Exactly 75 years after the 1st Polish Armour Division took control of the Dutch city of Breda driving the Germans out, the Polish History Museum has made films about its commander General Stanisław Maczek (known as a ‘hero of five nations’) and Marian Walentynowicz, one of the soldiers fighting under his command.
The event titled The 1st Armoured Division in documentary and animated films held at the Warsaw Rising Museum featured the official premiere of two most recent films produced by the Polish History Museum. The documentary An Invincible One: The Story of General Stanisław Maczek marks an attempt at systematising the key events in the life of the 1st Division’s commander. Directed by Rafał Geremek, the picture tells a story of not just Maczek’s battles in 1939–1945 but also his career as an officer during the First World War, the Polish-Ukrainian War as well as the one with the Bolsheviks. As Rafał Geremek emphasised, his film’s protagonist had been a great independent thinker throughout his life. ‘Maczek was an eminent strategist. One of the local Dutch historians has stressed his modern outlook on commandership. He modified orders issued by his Allied commanders on a number of occasions, finding that he was able to carry them out better in his own way,’ said the director of documentaries.
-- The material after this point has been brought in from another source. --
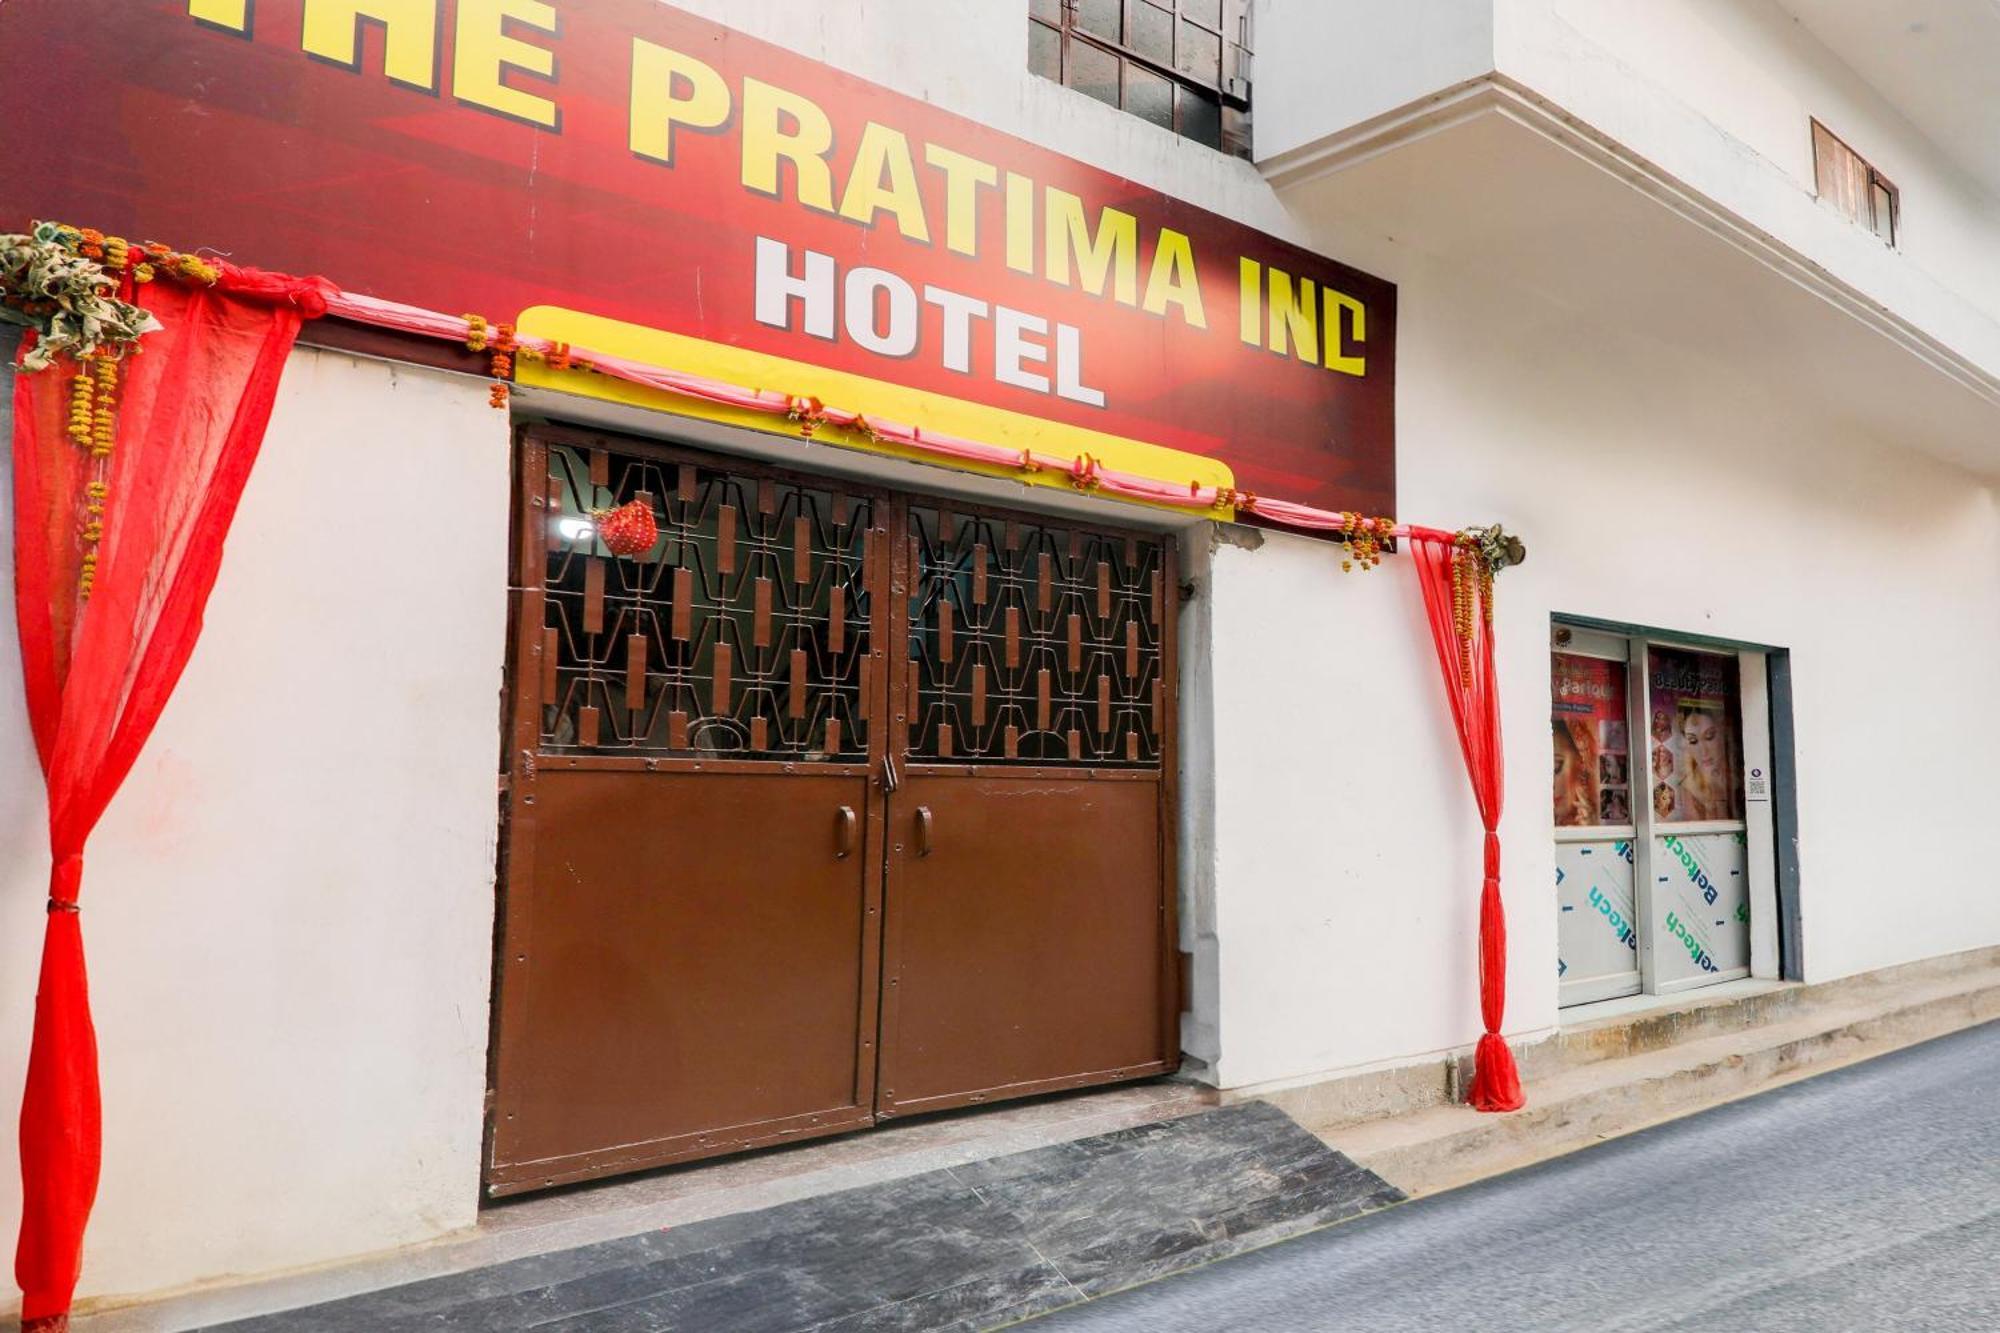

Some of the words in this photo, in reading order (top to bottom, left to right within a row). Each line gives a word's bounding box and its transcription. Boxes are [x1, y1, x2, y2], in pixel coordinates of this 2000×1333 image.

While working on the film, Rafał Geremek followed in Maczek’s footsteps in places like today’s Ukraine, France, Scotland and the Netherlands. His narrative is supplemented by memories of the general’s family and surviving soldiers who used to fight under his command. Additionally, the picture features many photographs and documentary films, now virtually unknown, showing the 1st Armoured Division’s marching from Falaise to Wilhelmshaven. The director added that his film could not have been made without cooperation with Dutch historians cultivating the memory of the 1st Division and each year supporting the observance of their country’s liberation by soldiers under General Maczek’s command.
The documentary footage is interspersed with feature scenes in which Maczek is played by Redbad Klynstra-Komarnicki. They show the post-war life of the general who lived in Edinburgh and worked as a bartender. It was there that he would meet his former soldiers but also communist intelligence agents who tried – in vain – to talk him into returning to Poland. The difficult post-war life of the 1st Division’s commander illustrates the fate of many soldiers of the Polish Armed Forces in the West unable to return to their home country after the war. Gen. Stanisław Maczek outlived the end of the Polish People’s Republic yet because of his poor health was unable to come back to Poland. He died in Edinburgh in 1994 at the age of 102.
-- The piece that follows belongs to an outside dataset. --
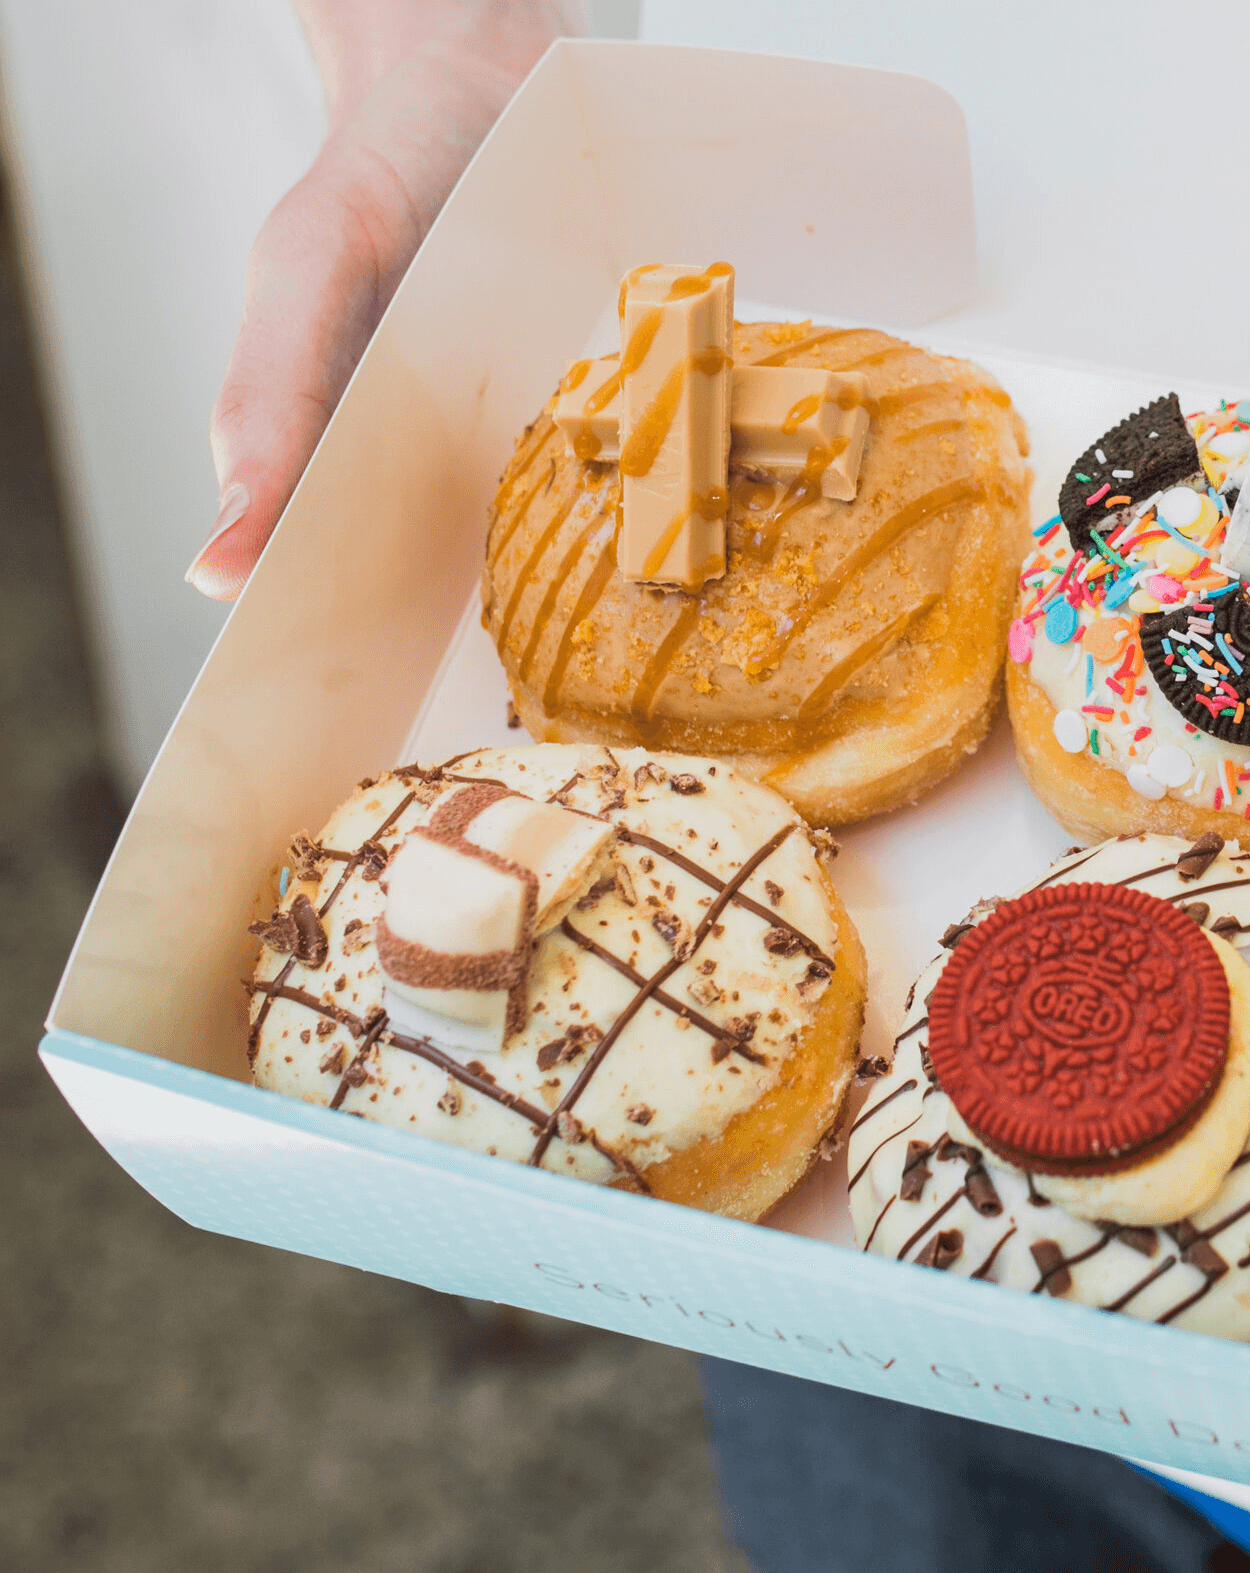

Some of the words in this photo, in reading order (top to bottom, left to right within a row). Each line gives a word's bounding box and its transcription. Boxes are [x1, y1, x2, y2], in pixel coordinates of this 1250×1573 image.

[1033, 986, 1116, 1032] OREO
[534, 1262, 896, 1371] Seriously
[931, 1362, 1130, 1426] Good
Director of the Polish History Museum Robert Kostro underlined the importance of the films for the promotion of Polish history. ‘Thus far, Gen. Maczek has been underappreciated although he was an extraordinary person, a commander who has not lost a single battle. His life can serve as an explanation of Polish history. We respond to recurring questions about the presence of Polish soldiers in the West,’ Mr Kostro elucidated. In that context, he recalled the PHM’s engagement in the works on the construction of the General Maczek Museum-Memorial, scheduled to open in 2020.
The screening was attended by Captain Edmund Semrau who had fought in the 1st Armoured Division. ‘I wish to thank you very much for the film. I believe that after seeing it each and every viewer is going to bring home a wealth of positive emotions,’ the veteran concluded. He also recalled his accidental meeting with Gen. Maczek who while visiting a combat post he held with his colleagues asked him for a cigarette, which Capt. Semrau did not have at the moment. He also stressed that his commander cared about the future fate of his soldiers. Just like many other youngest soldiers of the 1st Armoured Division, Capt. Semrau, aged 19 in 1945, was ordered, once the fights were over, to improve his education at a Polish middle school in the so-called Polish occupational zone.
During the meeting at the Warsaw Rising Museum an animated film was also shown, titled Marian at War. The Case of Marian Walentynowicz, directed by Agata Mianowska and produced by the Polish History Museum and Yellow Tapir Films. It focuses on the creator of the characters Matołek the Billy-Goat and a monkey named Fiki-Miki brought to life by the writer Kornel Makuszyński. The illustrator of the famous series used to be a wartime correspondent of the 1st Armoured Division. He supplemented his journalistic work with drawings documenting the battlefield trail. The twelve-minute-long animation sticks to the traditional style that refers to Walentynowicz’s drawings. The film is narrated by the actor Zbigniew Zamachowski.
‘In the 1st Armoured Division, we were looking for story-rich heroes. They included a number of those active in the field of culture like Walentynowicz. We got in touch with his family and created a story based on his memoirs titled About the War without Bombast as well as his photos and drawings,’ Wojciech Kalwat of the PHM, the film’s co-author, has said. Possibly in December, the Polish History Museum is going to make the film available online.